L’analisi degli azionisti di Moody’s dà più o meno lo stesso risultato: la società è controllata da grandi investitori finanziari e colossi dell’asset management. In testa a tutti, con il 12,42%, c’è Berkshire Hathaway di proprietà di Warren Buffett, “l’oracolo di Omaha”, uno dei più ascoltati e controversi investitori americani. Buffett, che il 30 agosto compirà 81 anni, è il terzo uomo più ricco del mondo, con un patrimonio stimato di 47 miliardi di dollari, ma nel 2008, grazie al balzo in borsa di Berkshire Hathaway e a una serie di investimenti azzeccati, è saltato addirittura al primo posto, superando Bill Gates. Dopo Buffett tra gli azionisti di Moody’s c’è ancora Capital World Investors (12,33%) e quindi il gestore ValueAct Capital (6,06%), e di nuovo T. Rowe (5,92%), Vanguard (3,35%), State Street (3,35%) e BlackRock (3,27%). Una quota dell’1,81% è detenuta da TIAA-Cref (1,81%), fondo pensione di insegnanti e accademici americani. Nel consiglio di amministratore di Moody’s siedono ex dirigenti in pensione di big del mondo bancario come Citigroup e ING, professori di finanza ed ex direttori di grandi corporation americane. Il presidente e direttore generale è Raymond Mc. Daniel Jr, che ha iniziato a lavorare per Moody’s nel 1987.
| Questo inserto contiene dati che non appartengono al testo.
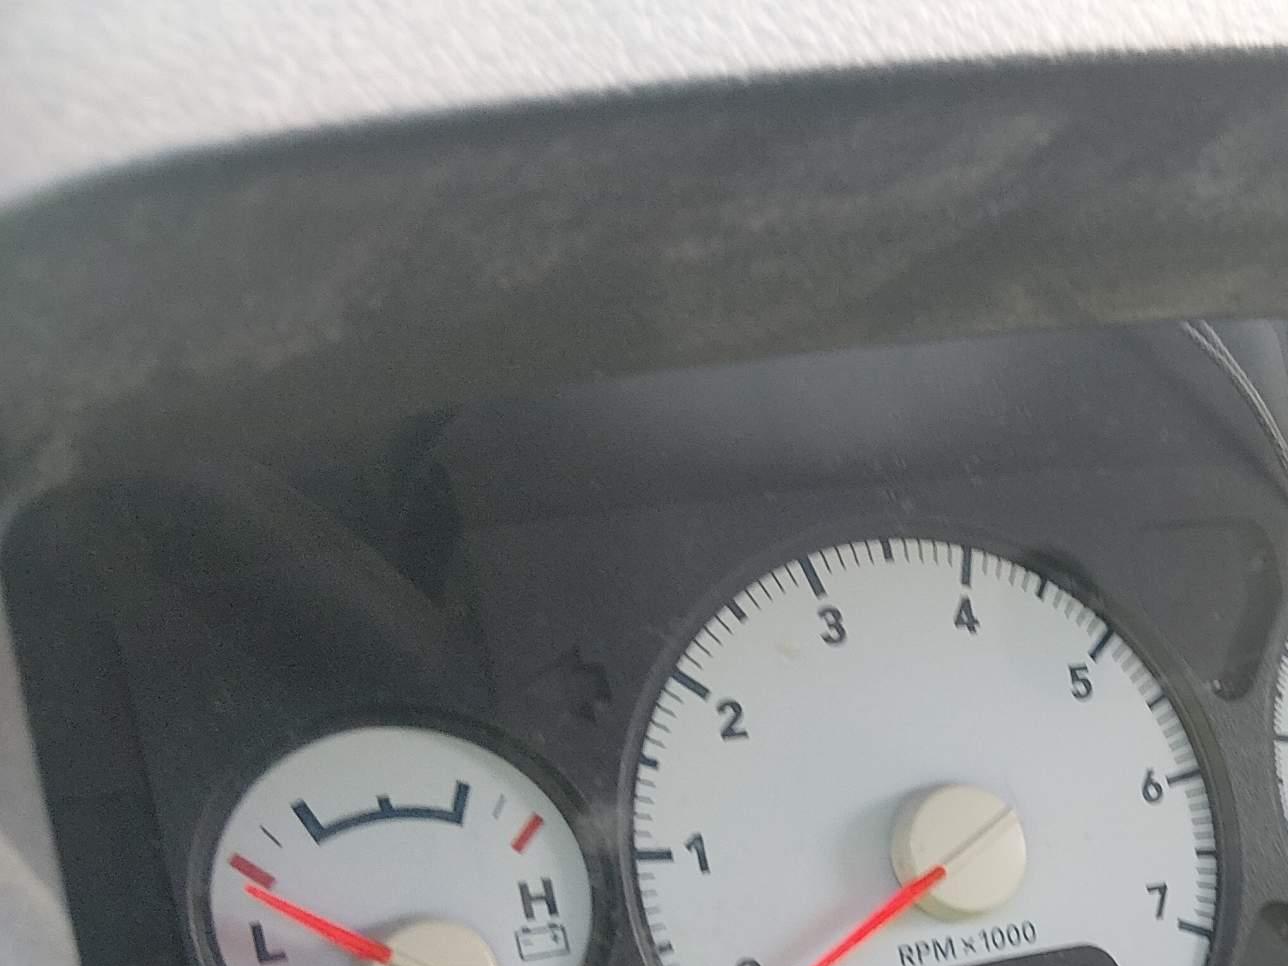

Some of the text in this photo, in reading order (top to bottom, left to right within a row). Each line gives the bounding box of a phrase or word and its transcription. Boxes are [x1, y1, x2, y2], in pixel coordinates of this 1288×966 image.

Fino a qui il messaggio è chiaro. Standard & Poor’s e Moody’s, le maggiori società di rating del mondo, che con un downgrade possono scatenare reazioni a catena nei mercati e portare a scelte politiche con pesanti effetti economici e sociali, sono controllate dagli stessi grandi investitori che non esitano ad attaccare Stati e imprese quando si diffondono anche solo voci su possibili tagli dei rating. Nonostante S&P’s e Moody’s non smettano di rimarcare la loro indipendenza dagli azionisti e l’estrema rigorosità delle loro metodologie, fino a che punto possono essere definiti “indipendenti”?
Il quadro si completa con Fitch, che spesso svolge la funzione di arbitro tra S&P’s e Moody’s. La terza sorella del rating è anche la più piccola e l’unica non americana. E’ controllata (al 60%) dalla finanziaria francese Fimalac, fondata e diretta da Marc Ladreit de Lacharriere, un imprenditore francese di 71 anni, che “dopo aver passato l’infanzia nel castello di famiglia” è stato dirigente e amministratore di numerose società francesi come L’Oréal, Crédit Lyonnais, Air France e France Télécom. Oggi siede nel board di Casino, L’Oréal e Renault, è membro del Comitato Consultivo della Banca di Francia e, per gli amanti della teoria del complotto, presidente della sezione francese della Bilderberg.
Ieri, mentre si stavano diffondendo insistentemente le voci su un possibile downgrade della Francia, Fitch è uscita per prima confermando il rating tripla A della Francia, con un outlook stabile. Che si tratti di un caso?